Irrespective of the sentiment in Washington, there’s an ongoing debate in Brazil over whether joining the Belt and Road would help to yield immediate Chinese investment, the Brazilian official said.
As to what’s in it for China, Xi may not be entirely altruistic, according to Ja Ian Chong, an associate professor of political science at the National University of Singapore.
“I am sure Xi is open to cooperating with Lula, although I am less sure if the intention is to help Lula,” Chong said. “The point may be more about securing commodities from Brazil and getting more access to a major market.”

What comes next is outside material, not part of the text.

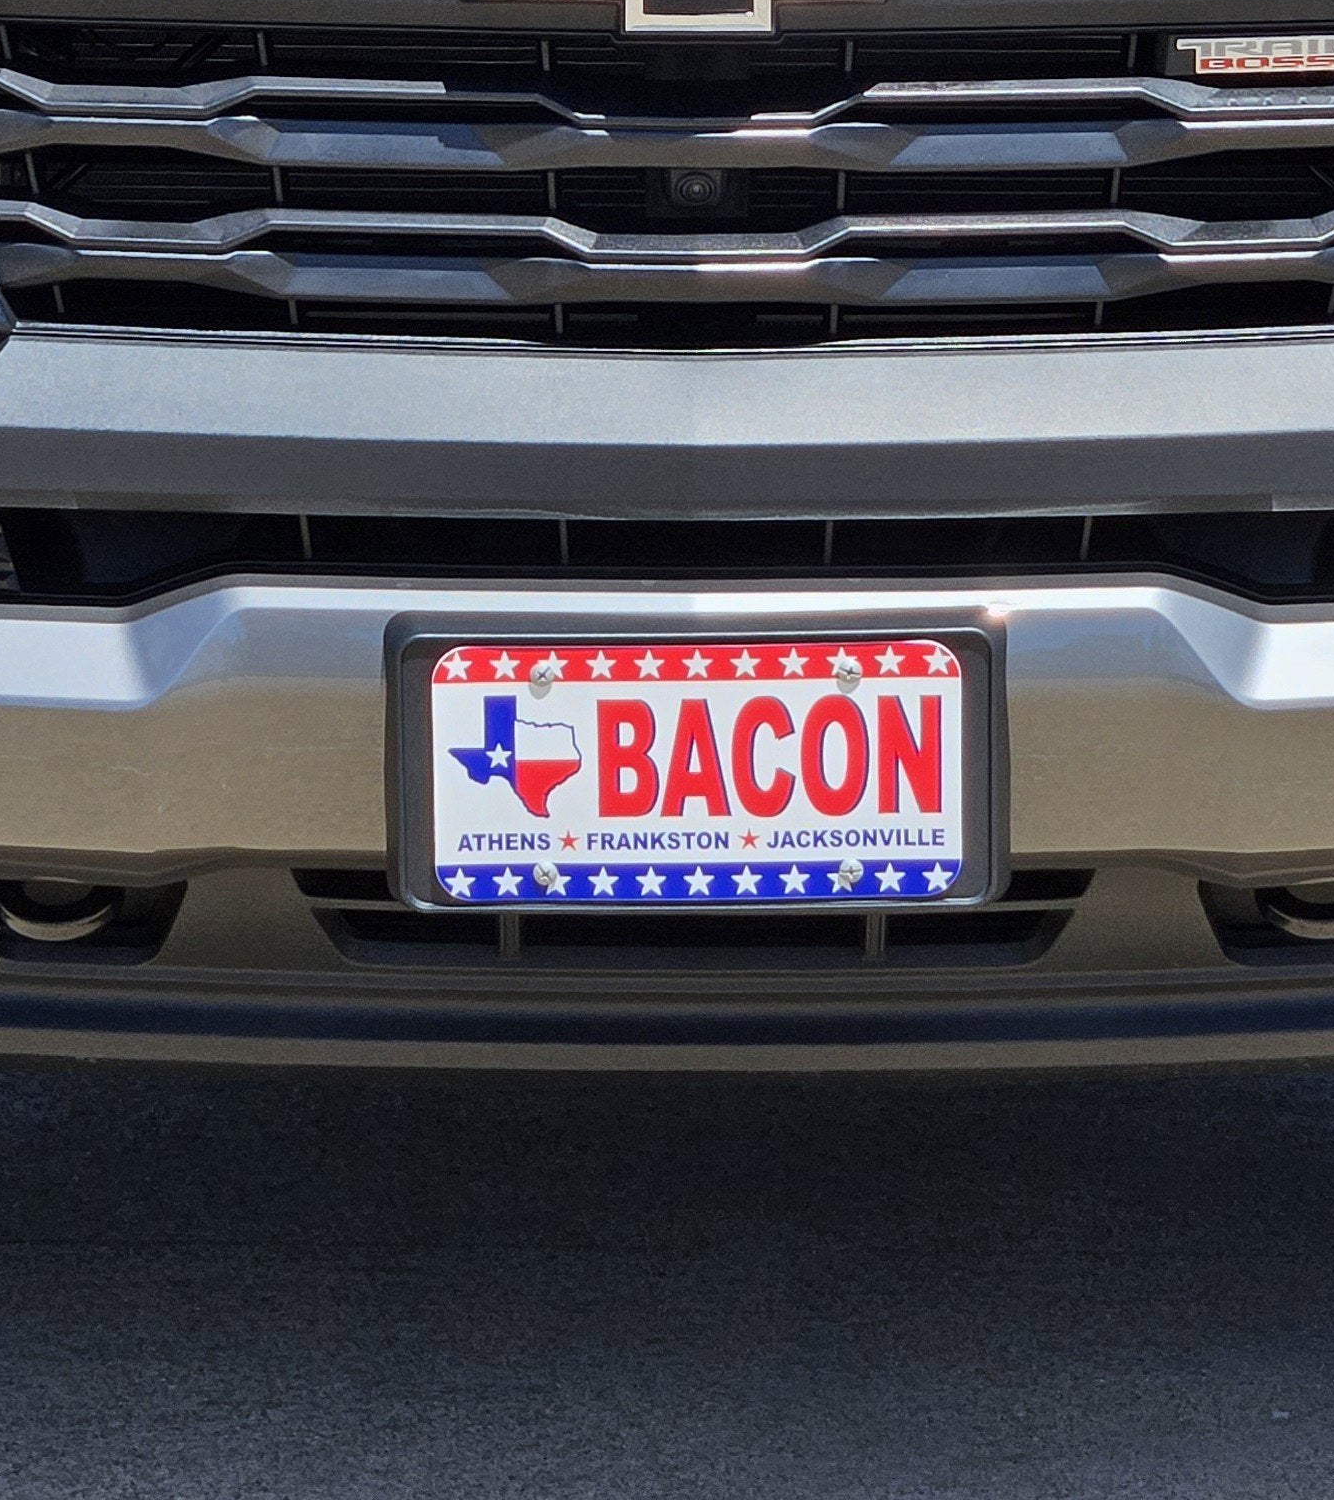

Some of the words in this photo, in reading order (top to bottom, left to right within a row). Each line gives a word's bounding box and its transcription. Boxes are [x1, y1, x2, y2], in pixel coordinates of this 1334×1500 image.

[597, 694, 942, 818] BACON
[457, 833, 551, 851] ATHENS
[586, 831, 730, 850] FRANKSTON
[766, 829, 946, 849] JACKSONVILLE

Simone Tebet, Brazilian planning minister, says that a “geo-economic shift” from the country’s southeastern industrial base to the agribusinesses of the centre-west has been underway for some time as a result of Asia’s demand for food. That explains the pivot to the Pacific, not just to more readily access China but also markets such as Vietnam, Indonesia, Korea and Bangladesh. The reality is that moves toward regional integration need outside investment and expertise, and China is the only game in town.
“I’ve been to Washington. They have interest in sanitation, in green infrastructure,” but few other investments, she said. China-Brazil relations are “mature enough” to meet each other’s interests, however, regardless of Belt and Road membership.
“It needs cheaper food and Brazil is able to provide it,” she said. “If you have railroads, you get there faster and cheaper.”